If you believe that I could instead provide the same benefits to civilization by being directly employed by some well-run EA organization as $2.4M/year in donations, then I will happily do this for only $1M/year. Everyone will be very much better off.
Does this sound like a good deal? If not, then how does this square with the N ~300 estimate?
I think most of the better-funded EA organizations would not prefer most LWers working there for $1M/yr, nor for a more typical salary, nor for free.
(Even though many of these same LW-ers are useful many other places.)
I think many of the better-funded EA organizations would prefer (being able to continue employing at least their most useful staff members) to (receiving an annual donation equal to 30x what that staff member could make in industry).
If a typical LWer somehow really decided, deep in themselves, to try to do good with all their heart and all their mind and creativity… or to do as much of this as was compatible with still working no more than 40 hrs/week and having a family and a life… I suspect this would be quite considerably more useful than donating 10% of their salary to some already-funded-to-near-saturation EA organization. (Since the latter effect is often small.) (Though some organizations are not that well-funded! So this varies by organization IMO.)
2 and 3 are as far as I can get toward agreeing with the OPs estimated factor of 300. It doesn’t get me all the way there (well, I guess it might for the mean person, but certainly not for the median; plus also there’re assumptions implicit in trying to use a multiplier here that I don’t buy or can’t stomach.). But it makes me sort of empathize with how people can utter sentences like those.

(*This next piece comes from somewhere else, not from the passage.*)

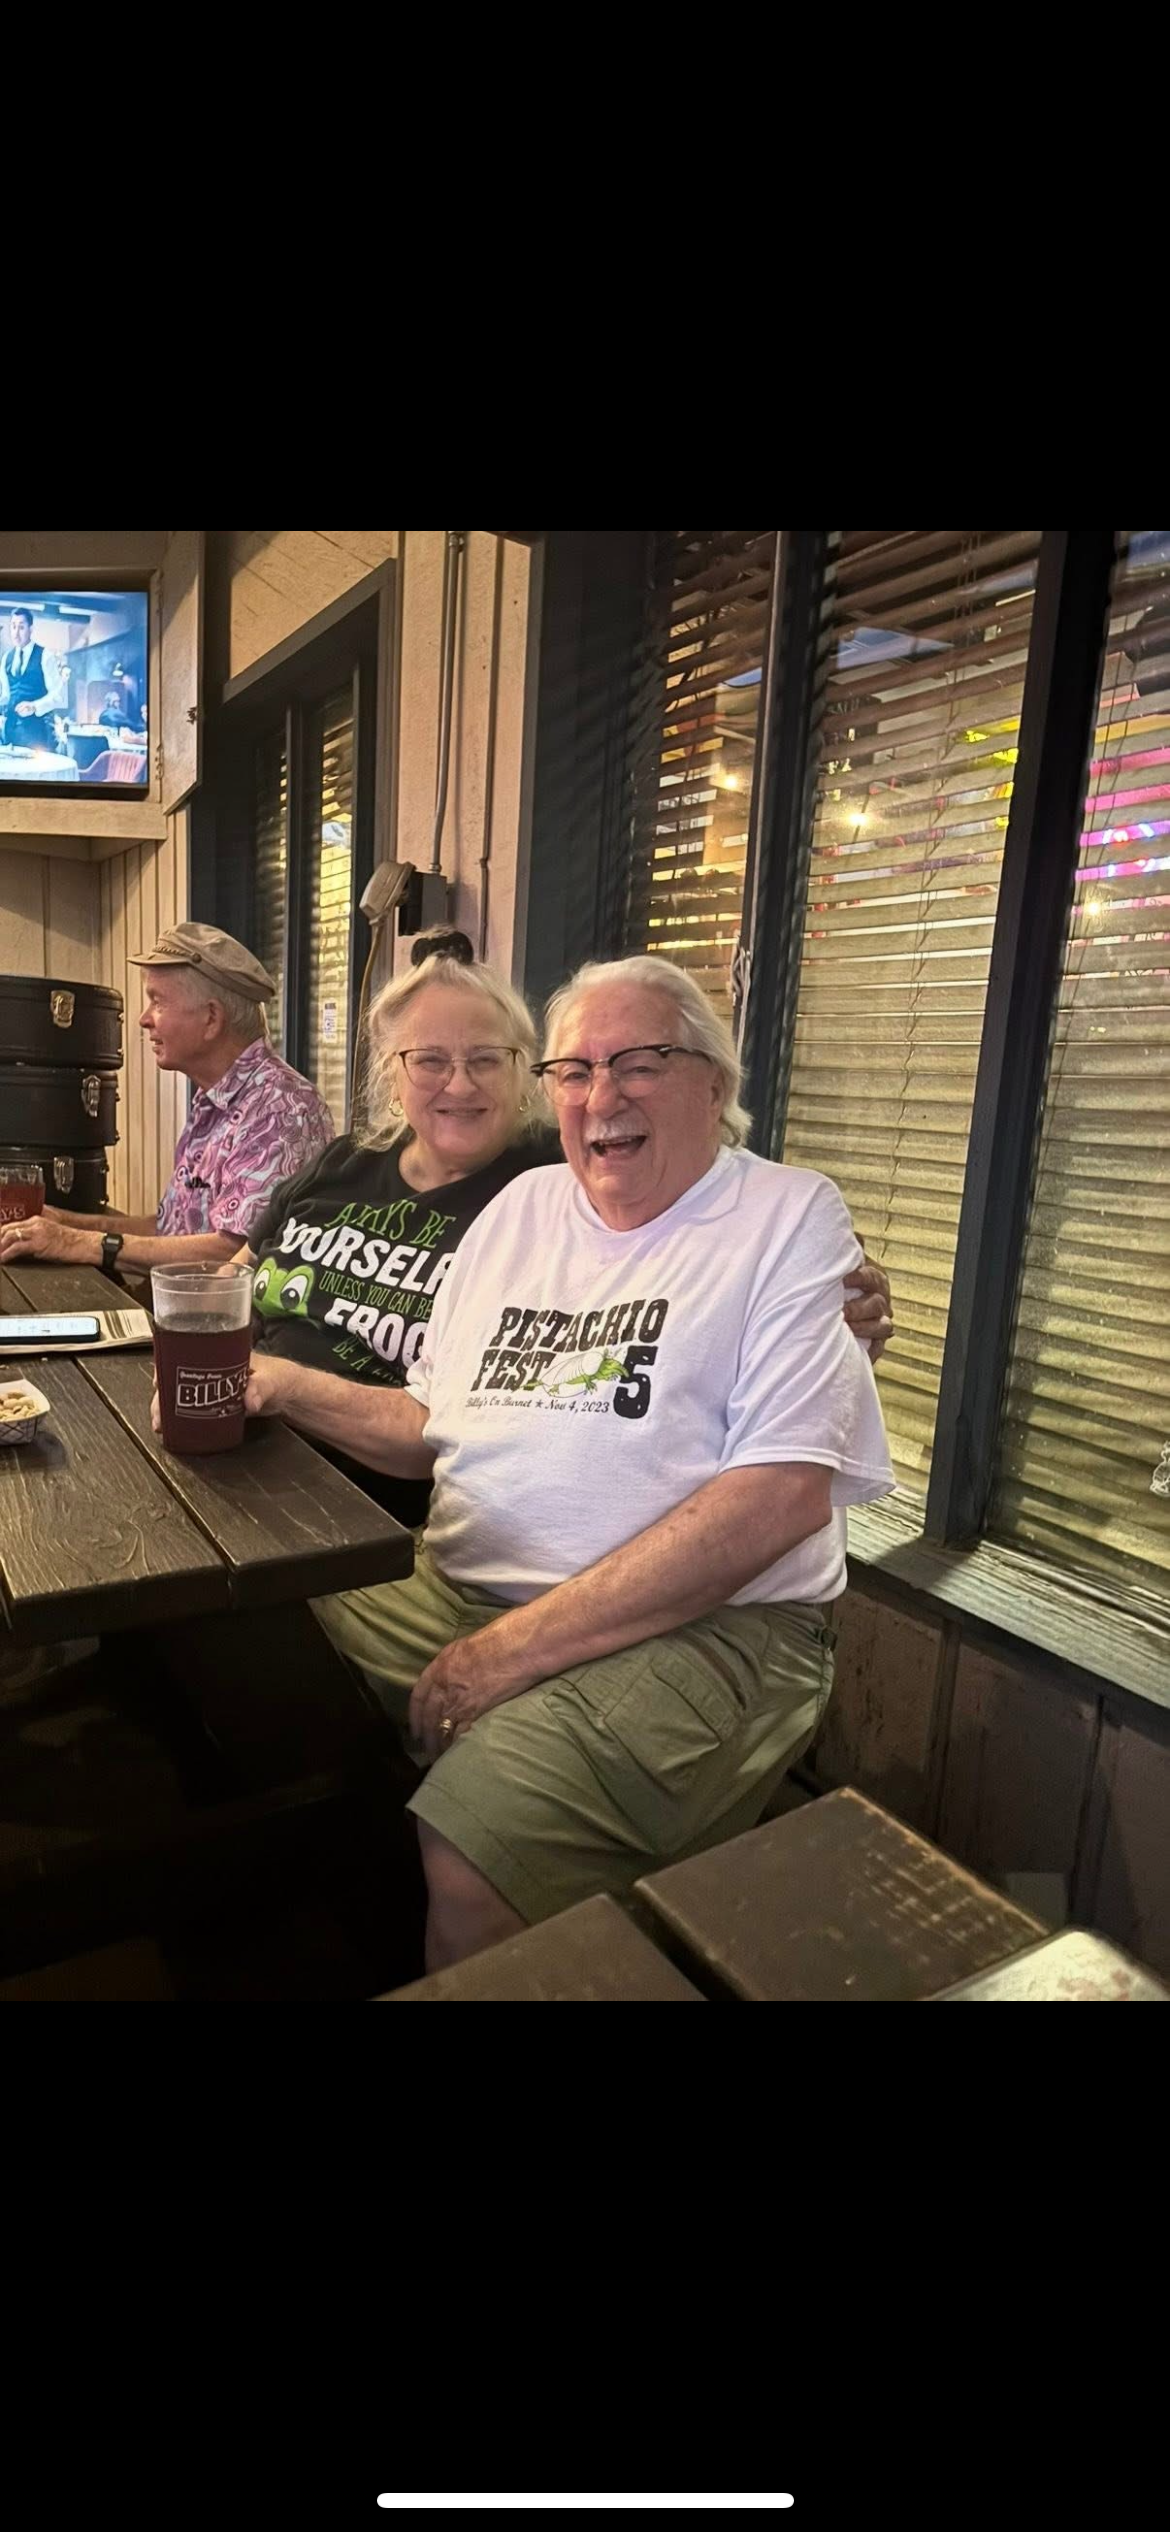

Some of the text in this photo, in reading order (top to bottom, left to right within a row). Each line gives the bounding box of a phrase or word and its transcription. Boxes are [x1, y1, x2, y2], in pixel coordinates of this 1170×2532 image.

In terms of what to make of this:
Sometimes people jam 1 and 2 together, to get a perspective like “most people are useless compared to those who work at EA organizations.” I think this is not quite right, because “scaling an existing EA organization’s impact” is not at all the only way to do good, and my guess is that the same people may be considerably better at other ways to do good than they are at adding productivity to an [organization that already has as many staff as it knows how to use].
One possible alternate perspective:
“Many of the better funded EA organizations don’t much know how to turn additional money, or additional skilled people, into doing their work faster/more/better. So look for some other way to do good and don’t listen too much to them for how to do it. Rely on your own geeky ideas, smart outside friends who’ve done interesting things before, common sense and feedback loops and experimentation and writing out your models and looking for implications/inconsistencies, etc. in place of expecting EA to have a lot of pre-found opportunities that require only your following of their instructions.”

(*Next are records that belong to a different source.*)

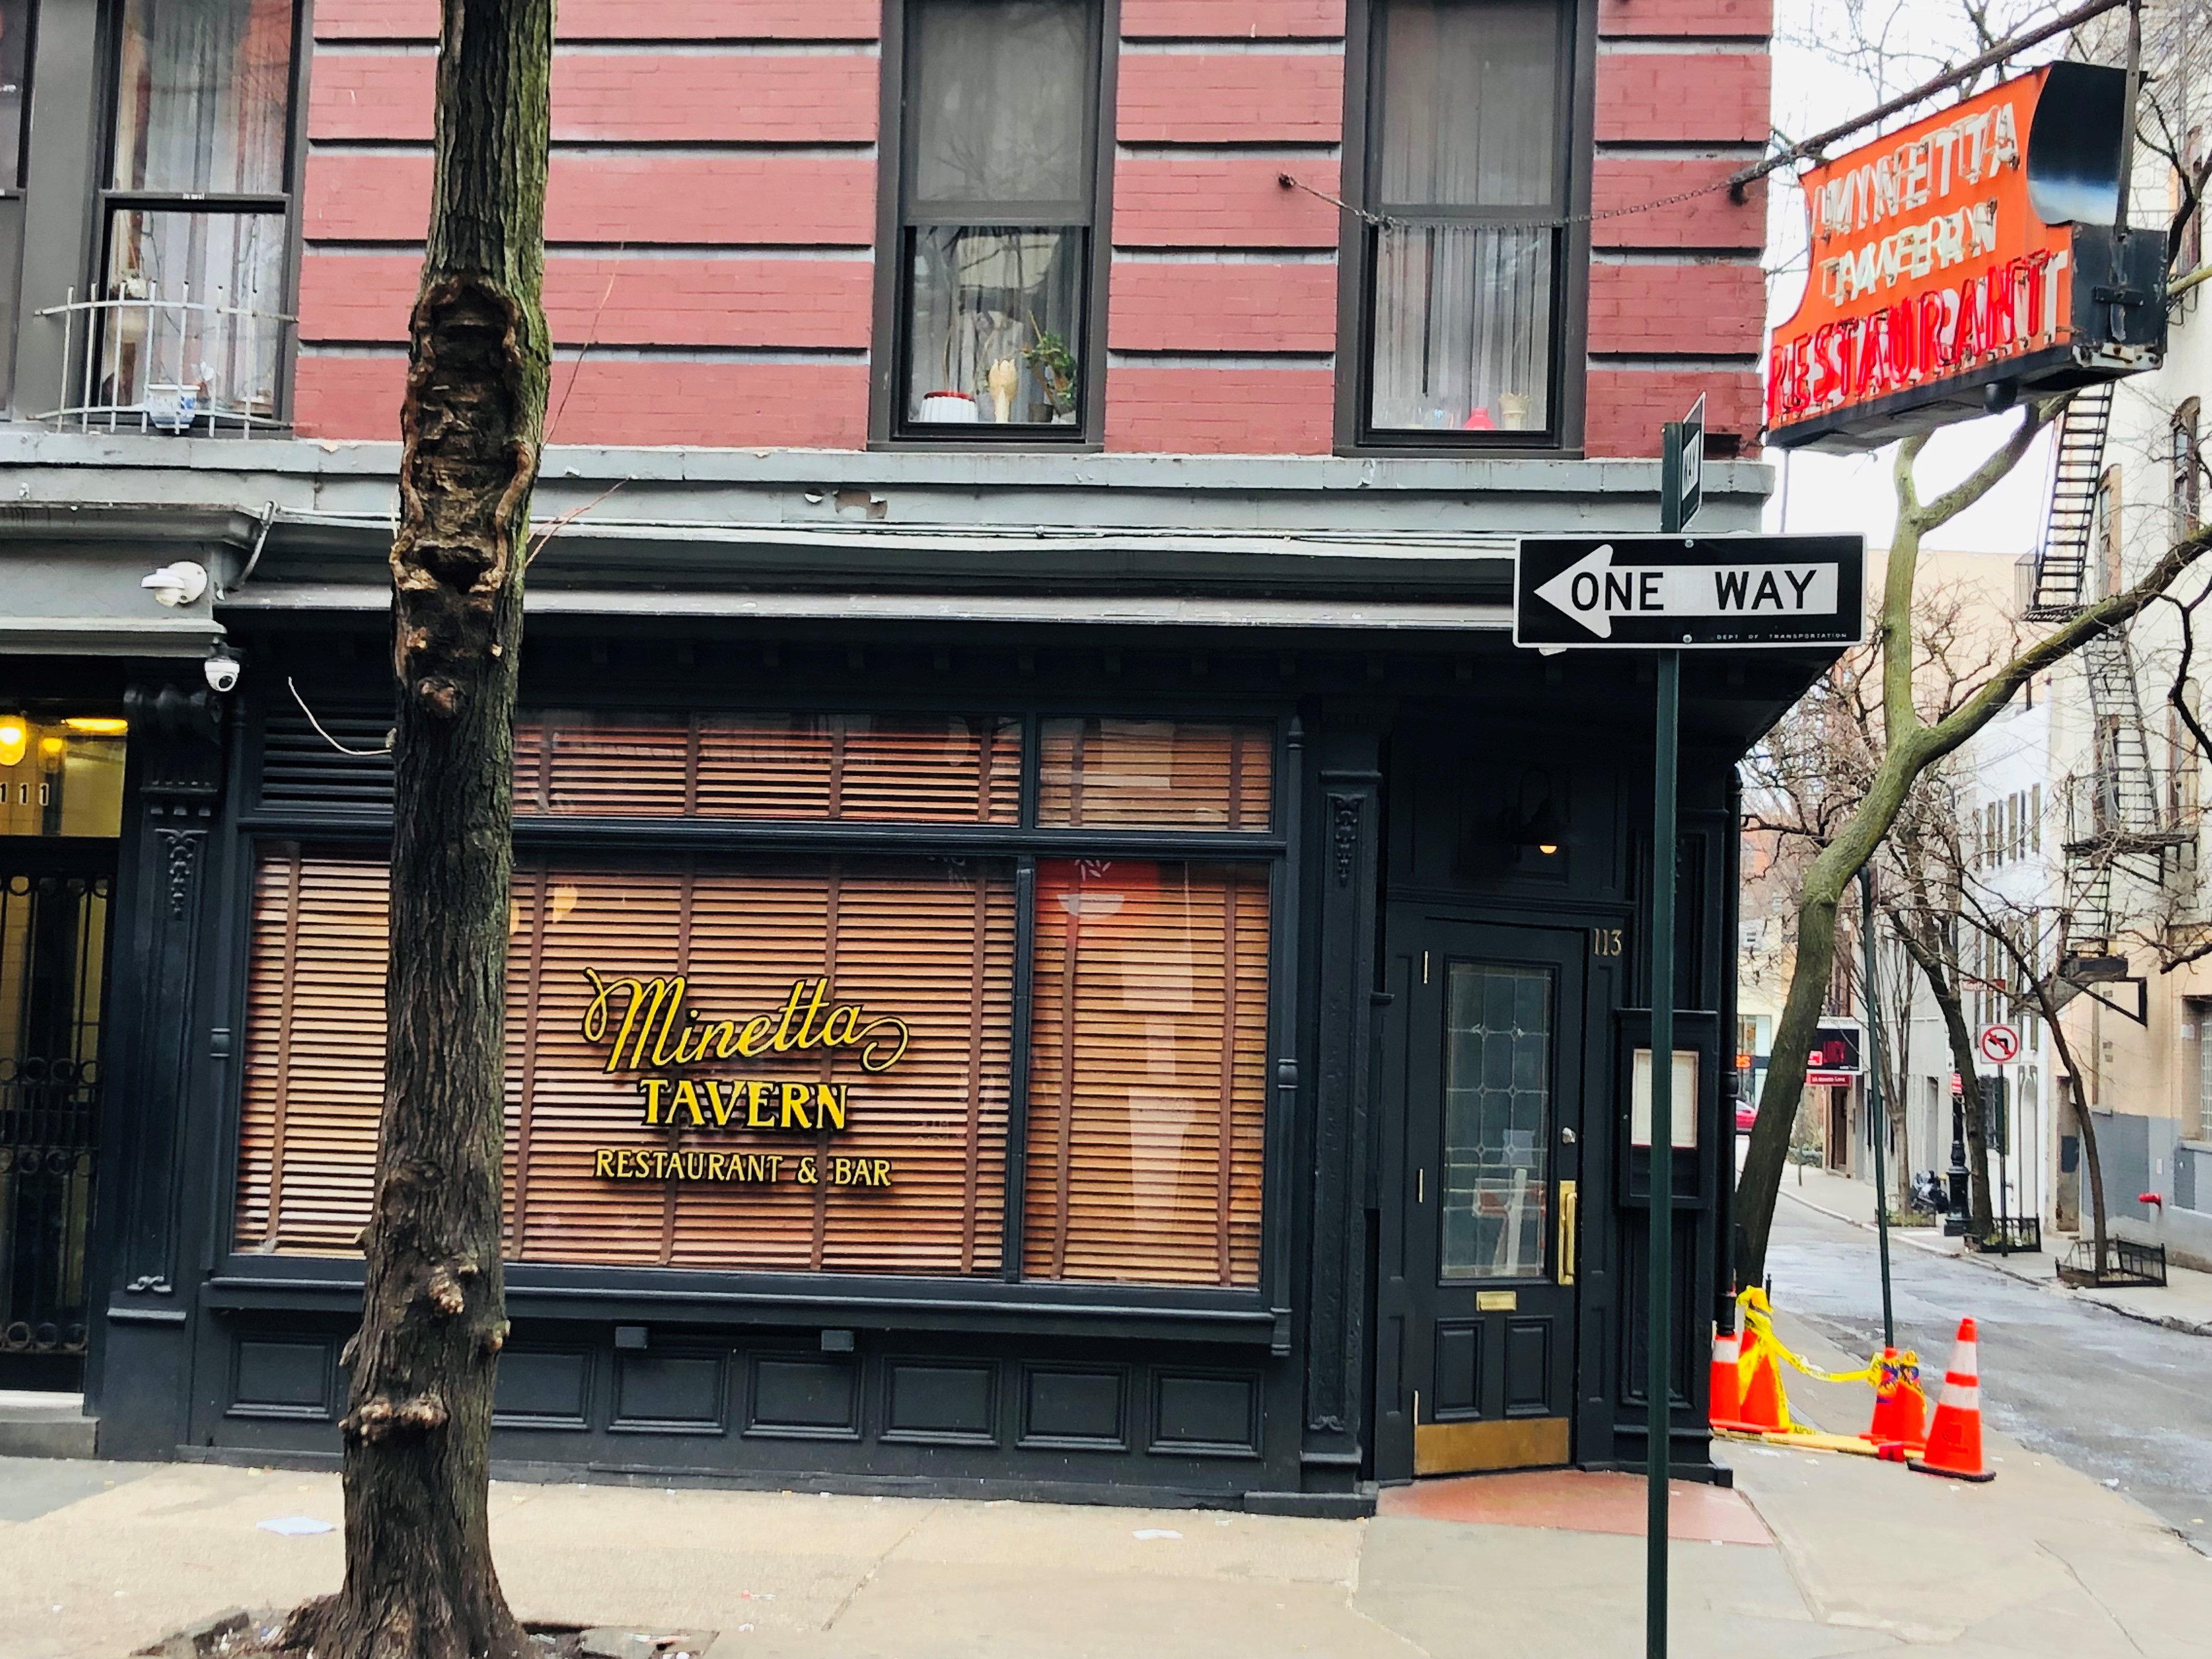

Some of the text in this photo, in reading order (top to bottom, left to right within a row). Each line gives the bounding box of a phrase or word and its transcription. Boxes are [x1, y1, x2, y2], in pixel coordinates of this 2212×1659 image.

[1811, 102, 2020, 235] MINETTA
[1818, 200, 1998, 308] TAVERN
[1767, 248, 2069, 421] RESTAURANT
[1571, 569, 1818, 612] ONE WAY
[1593, 928, 1622, 956] 113
[582, 967, 910, 1074] Minetta
[637, 1078, 849, 1130] TAVERN
[594, 1149, 892, 1188] RESTAURANT & BAR

From the perspective of the EA org, there are hires for whom this would be a good decision (I’ve heard >1M pay numbers thrown around for critical software engineering roles that are disconnected from EA strategy, or Terence Tao). But it’s not obviously good in every case. Here’s some of the reasoning I’ve heard:
People often do better work if they’re altruistically motivated than if they’re mercenaries—there’s a “human alignment problem”. When you underpay, you don’t attract top talent. When you overpay, you attract more top talent but also more mercenaries. The optimum seems to be somewhere around top industry pay (in other industries, employees often provide the companies far more value than their salary, and the equilibrium for companies is to match median industry pay adjusting a bit for their circumstances). EA orgs are currently transitioning away from the underfunded nonprofit regime, but I think the equilibrium is still lower than top industry pay in many cases (e.g. when EA work is more interesting or saliently meaningful than industry work, and top talent differentially seeks out interesting or saliently meaningful work). Due to the factors below, I don’t see the optimum being substantially more than industry.

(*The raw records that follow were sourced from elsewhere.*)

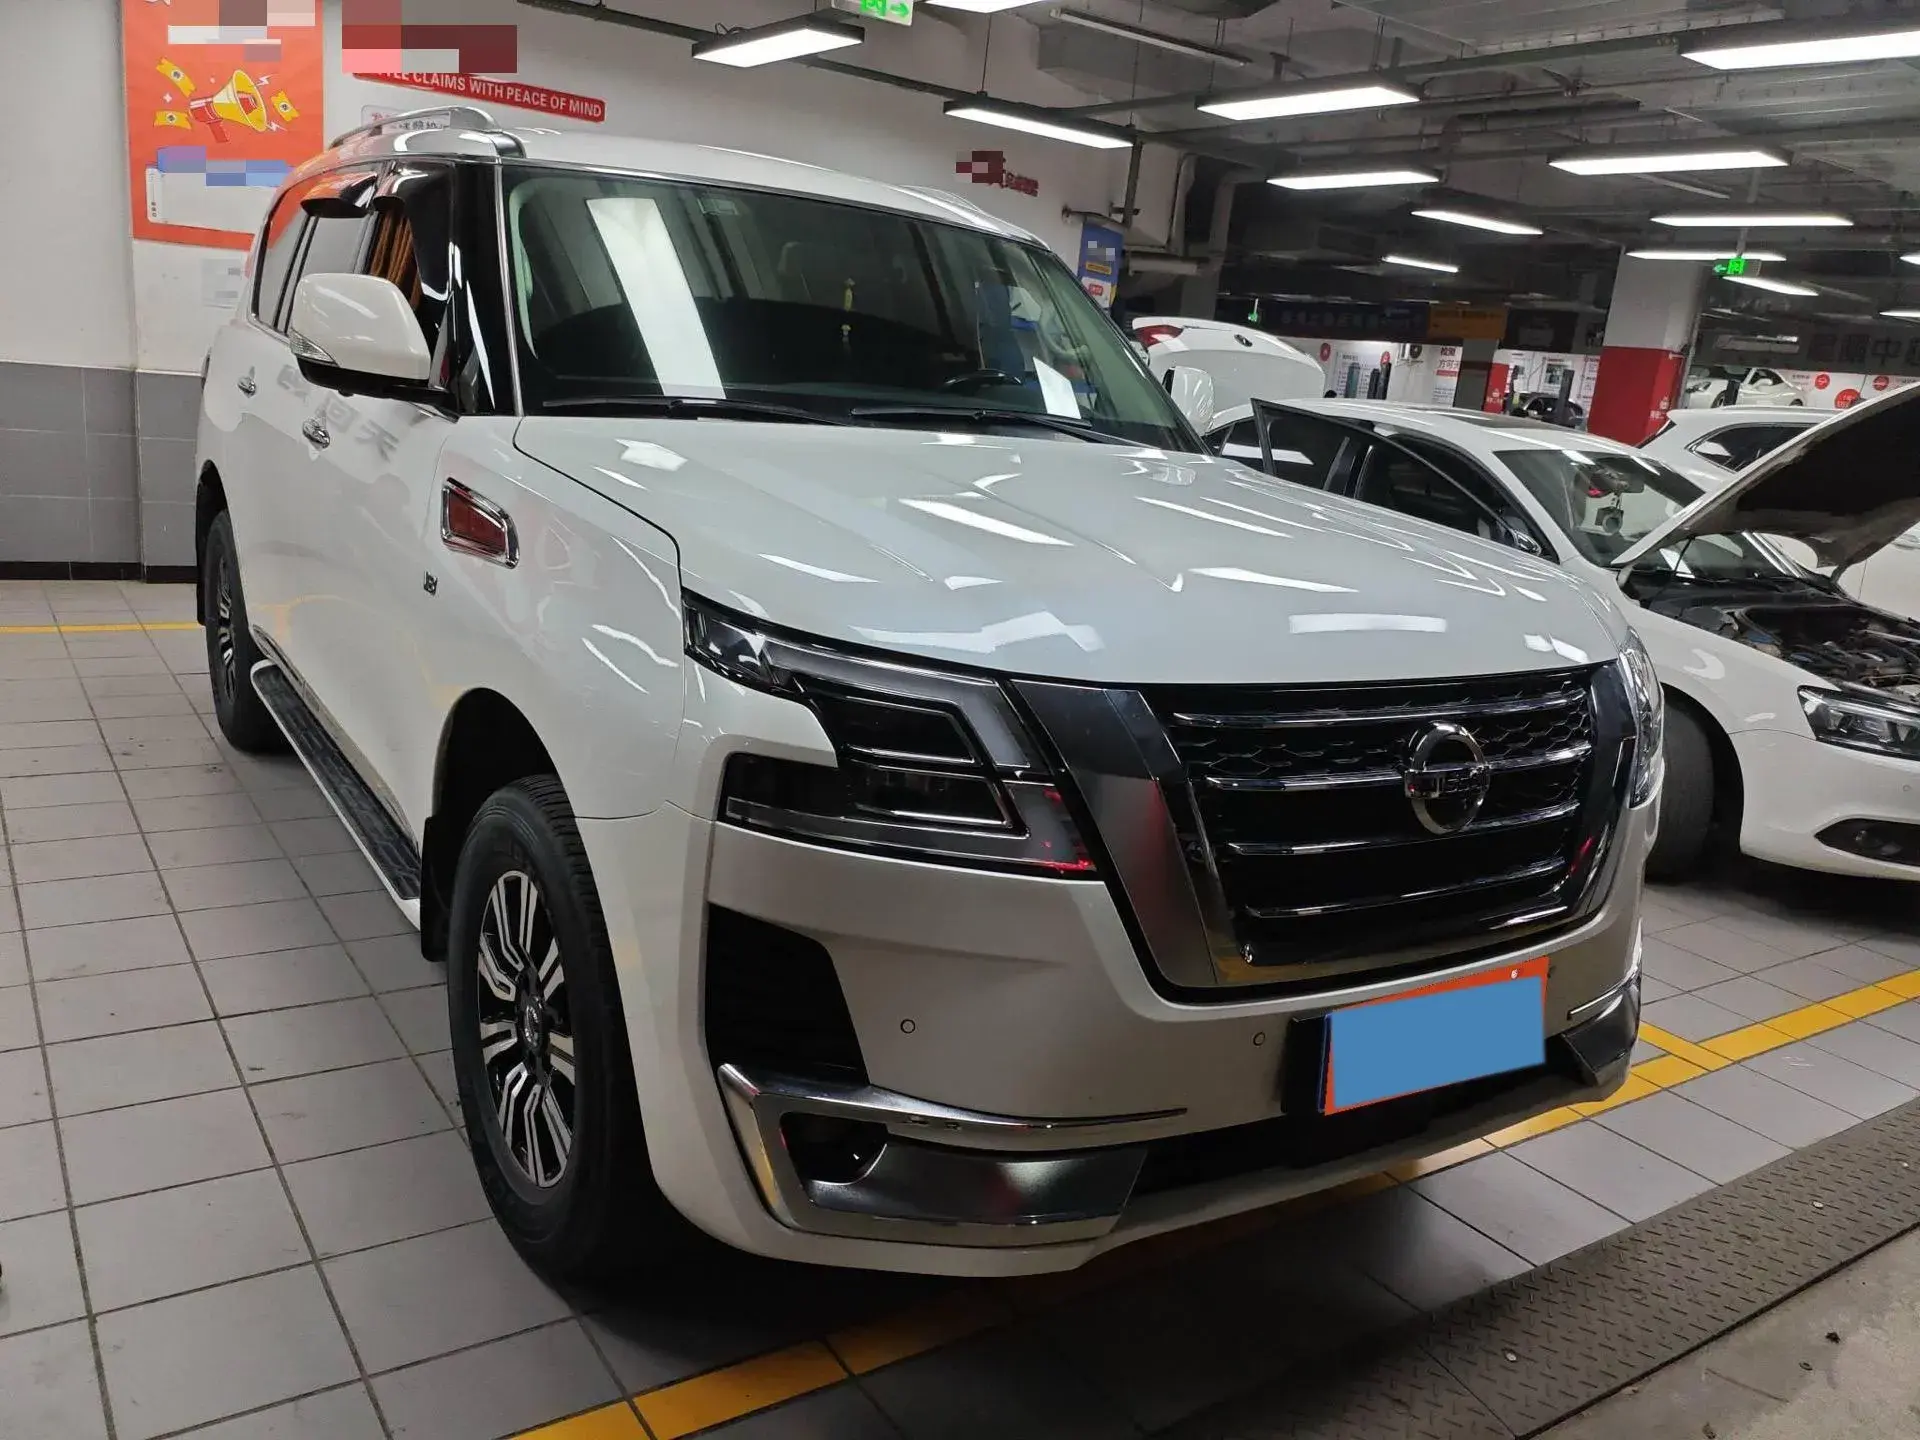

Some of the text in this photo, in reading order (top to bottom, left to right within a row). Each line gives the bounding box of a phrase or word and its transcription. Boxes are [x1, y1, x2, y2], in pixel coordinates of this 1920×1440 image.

[412, 71, 466, 91] CLAIMS
[469, 77, 504, 99] WITH
[506, 86, 548, 107] PEACE
[550, 95, 567, 110] OF
[569, 99, 601, 118] MIND

People (even altruists) don’t like being paid less than someone else for more impact. Your slightly more talented or harder-working colleague might demand to be paid $1.2 million. If not, this sets up weird dynamics where selfish people are paid 5x more than altruists
People (even altruists) don’t like getting pay cuts, and often expect pay raises. Paying someone $1M often raises their expectations so they expect $1M * 1.04^n in year n until they retire. This can sometimes be fixed with workplace culture.
edit: the below thing is wrong
The last two factors are especially large because EA has much more human capital than financial capital (edit: as measured by valuation)-- I would guess something like a 5x ratio. If we paid everyone at EA orgs 41% of what they’re worth, and they spend it selfishly, this would kill >30% of the surplus from employing all the EAs, force EA funders (who are invested in high-risk, high-EV companies like FTX) to derisk to pay consistent salaries.
because EA has much more human capital than financial capital
Is this a typo? It seems in direct contradiction with the OPs claim that EA is people-bottlenecked and not funding-bottlenecked, which I otherwise took you to be agreeing with.
I mean this in a narrow sense (edited to clarify) based on marginal valuations: I’d much rather delete 1% of EA money than 1% of EA human capital. So we can think of human capital as being worth more than money. I think there might be problems with this framing, but the core point applies: even though there are far fewer people than money (when using the conversion ratio implied by industry salary), the counterfactual value of people adds up to more than money. So paying everyone 40% of their counterfactual value would substantially deplete EA financial capital.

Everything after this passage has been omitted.